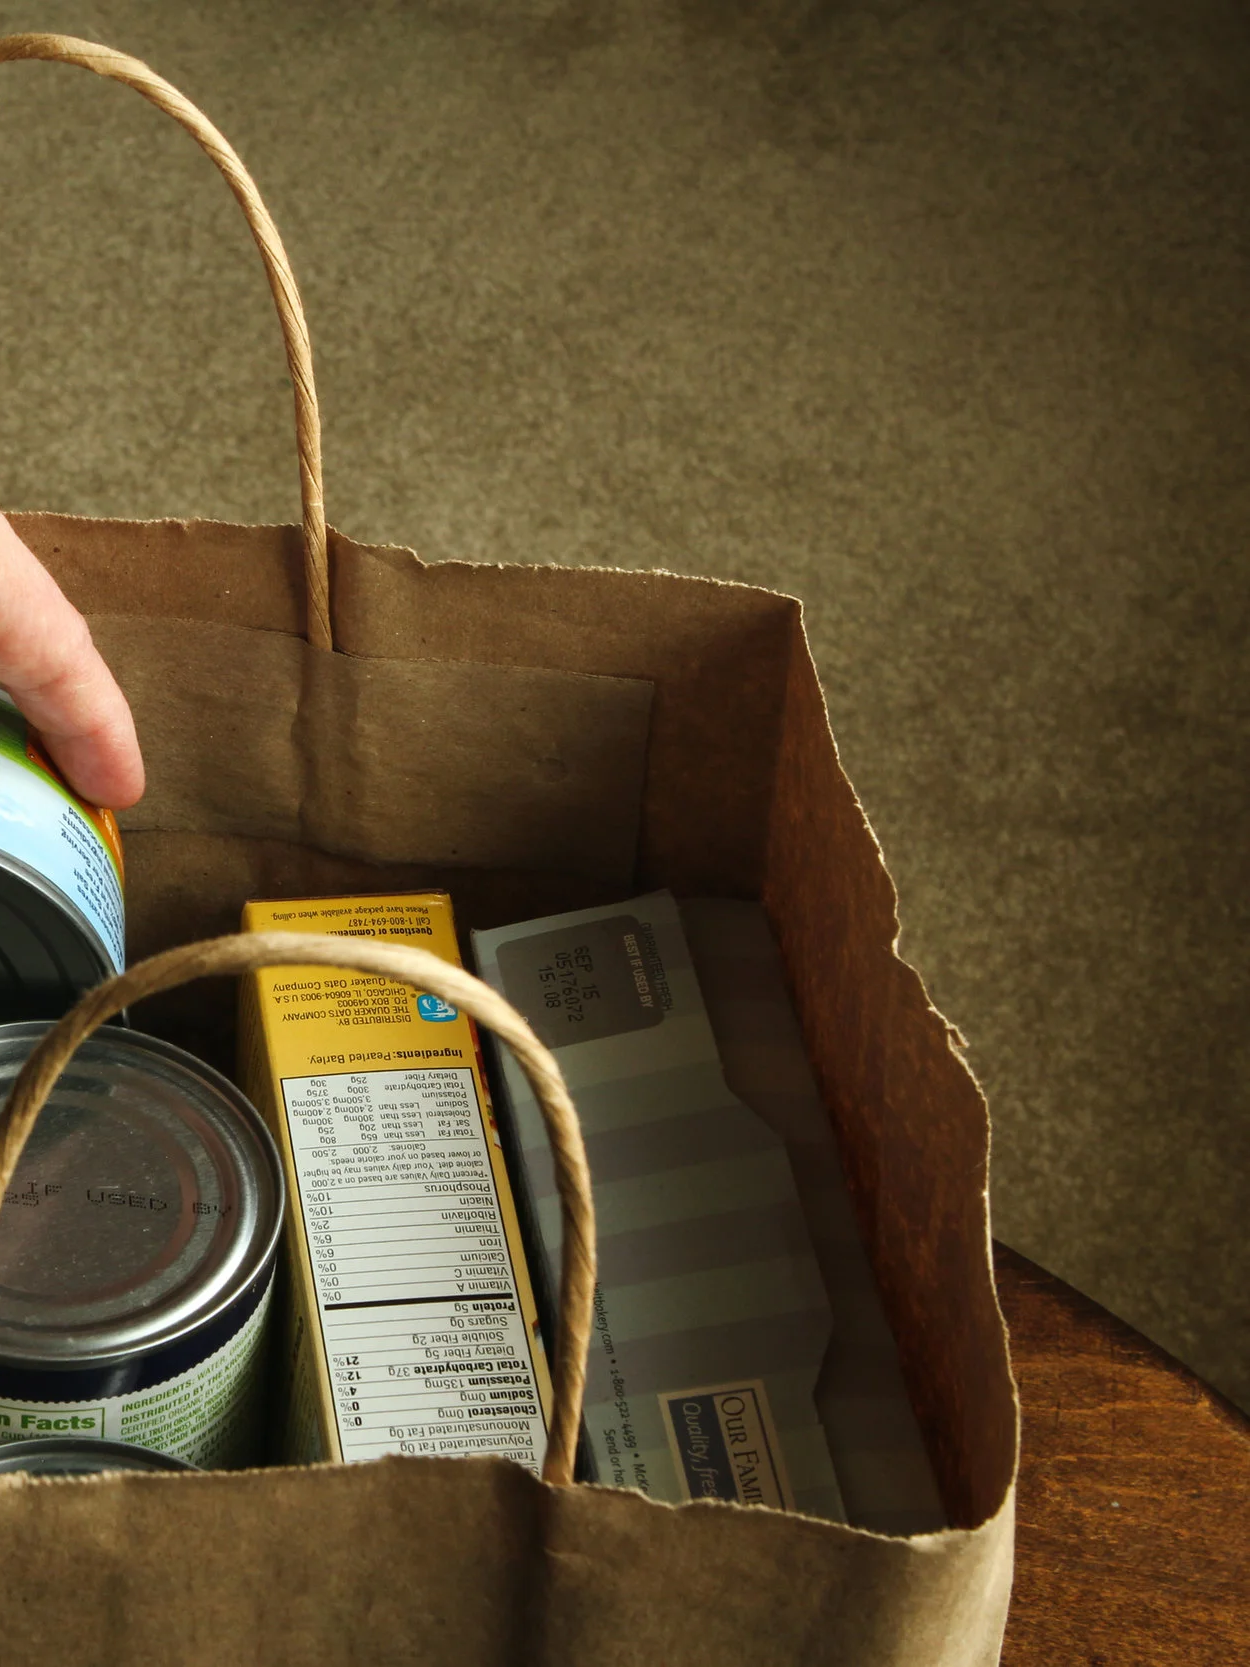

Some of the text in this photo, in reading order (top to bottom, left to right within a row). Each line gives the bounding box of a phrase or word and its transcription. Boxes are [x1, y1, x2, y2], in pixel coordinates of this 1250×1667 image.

[60, 828, 91, 868] Serving
[297, 910, 319, 920] when
[319, 908, 353, 918] available
[354, 904, 385, 916] package
[385, 906, 405, 915] have
[405, 906, 429, 915] Please
[348, 916, 431, 928] Call 1-800-694-7487
[378, 927, 388, 935] or
[389, 924, 433, 937] Questions
[574, 947, 593, 972] SEP
[641, 923, 673, 1011] GUARANTEED FRESH
[623, 934, 653, 1008] BEST IF USED BY
[272, 975, 387, 992] Quaker Oats Company
[538, 966, 561, 1009] 15:08
[272, 987, 407, 1004] CHICAGO, IL 60604-9003 U.S.A.
[336, 996, 408, 1009] P.O. BOX 049003
[282, 1005, 411, 1022] THE QUAKER OATS COMPANY
[335, 1014, 412, 1026] DISTRIBUTED BY:
[307, 1047, 463, 1065] Ingredients: Pearled Barley.
[27, 1182, 62, 1196] IF
[87, 1189, 167, 1212] USED
[192, 1202, 233, 1217] BY
[306, 1182, 491, 1203] Phosphorus 10%
[308, 1196, 494, 1217] Niacin 10%
[310, 1210, 497, 1231] Riboflavin 2%
[313, 1224, 501, 1245] Thiamin 6%
[315, 1237, 503, 1259] Iron 6%
[317, 1251, 506, 1273] Calcium 0%
[319, 1266, 510, 1288] Vitamin C 0%
[322, 1280, 512, 1302] Vitamin A 0%
[453, 1301, 516, 1314] Protein 5g
[449, 1315, 508, 1329] Sugars 0g
[412, 1331, 505, 1346] Soluble Fiber 2g
[333, 1345, 515, 1367] Dietary Fiber 5g 21%
[335, 1360, 529, 1382] Total Carbohydrate 37g 12%
[122, 1380, 194, 1412] INGREDIENTS:
[337, 1374, 531, 1397] Potassium 135mg 4%
[122, 1372, 221, 1425] DISTRIBUTED BY THE
[340, 1389, 535, 1412] Sodium 0mg 0%
[610, 1369, 637, 1448] 1-800-522-4499
[21, 1415, 96, 1431] Facts
[121, 1415, 166, 1435] CERTIFIED
[168, 1395, 203, 1419] ORGANIC
[149, 1406, 202, 1436] TRUTH ORGANIC
[343, 1404, 538, 1427] Cholesterol 0mg 0%
[389, 1420, 531, 1439] Monounsaturated Fat 0g
[682, 1402, 710, 1462] Quality,
[399, 1435, 534, 1454] Polyunsaturated Fat 0g
[603, 1429, 622, 1454] Send
[609, 1457, 621, 1467] or

WHAT YOU NEED TO DO: Whenever a picture appears, leave it out, and return every record exactly.

COMPLETED EXERCISE:
Some of the text in this photo, in reading order (top to bottom, left to right within a row). Each line gives the bounding box of a phrase or word and its transcription. Boxes are [x1, y1, x2, y2], in pixel coordinates of this 1250×1667 image.

[60, 828, 91, 868] Serving
[297, 910, 319, 920] when
[319, 908, 353, 918] available
[354, 904, 385, 916] package
[385, 906, 405, 915] have
[405, 906, 429, 915] Please
[348, 916, 431, 928] Call 1-800-694-7487
[378, 927, 388, 935] or
[389, 924, 433, 937] Questions
[574, 947, 593, 972] SEP
[641, 923, 673, 1011] GUARANTEED FRESH
[623, 934, 653, 1008] BEST IF USED BY
[272, 975, 387, 992] Quaker Oats Company
[538, 966, 561, 1009] 15:08
[272, 987, 407, 1004] CHICAGO, IL 60604-9003 U.S.A.
[336, 996, 408, 1009] P.O. BOX 049003
[282, 1005, 411, 1022] THE QUAKER OATS COMPANY
[335, 1014, 412, 1026] DISTRIBUTED BY:
[307, 1047, 463, 1065] Ingredients: Pearled Barley.
[27, 1182, 62, 1196] IF
[87, 1189, 167, 1212] USED
[192, 1202, 233, 1217] BY
[306, 1182, 491, 1203] Phosphorus 10%
[308, 1196, 494, 1217] Niacin 10%
[310, 1210, 497, 1231] Riboflavin 2%
[313, 1224, 501, 1245] Thiamin 6%
[315, 1237, 503, 1259] Iron 6%
[317, 1251, 506, 1273] Calcium 0%
[319, 1266, 510, 1288] Vitamin C 0%
[322, 1280, 512, 1302] Vitamin A 0%
[453, 1301, 516, 1314] Protein 5g
[449, 1315, 508, 1329] Sugars 0g
[412, 1331, 505, 1346] Soluble Fiber 2g
[333, 1345, 515, 1367] Dietary Fiber 5g 21%
[335, 1360, 529, 1382] Total Carbohydrate 37g 12%
[122, 1380, 194, 1412] INGREDIENTS:
[337, 1374, 531, 1397] Potassium 135mg 4%
[122, 1372, 221, 1425] DISTRIBUTED BY THE
[340, 1389, 535, 1412] Sodium 0mg 0%
[610, 1369, 637, 1448] 1-800-522-4499
[21, 1415, 96, 1431] Facts
[121, 1415, 166, 1435] CERTIFIED
[168, 1395, 203, 1419] ORGANIC
[149, 1406, 202, 1436] TRUTH ORGANIC
[343, 1404, 538, 1427] Cholesterol 0mg 0%
[389, 1420, 531, 1439] Monounsaturated Fat 0g
[682, 1402, 710, 1462] Quality,
[399, 1435, 534, 1454] Polyunsaturated Fat 0g
[603, 1429, 622, 1454] Send
[609, 1457, 621, 1467] or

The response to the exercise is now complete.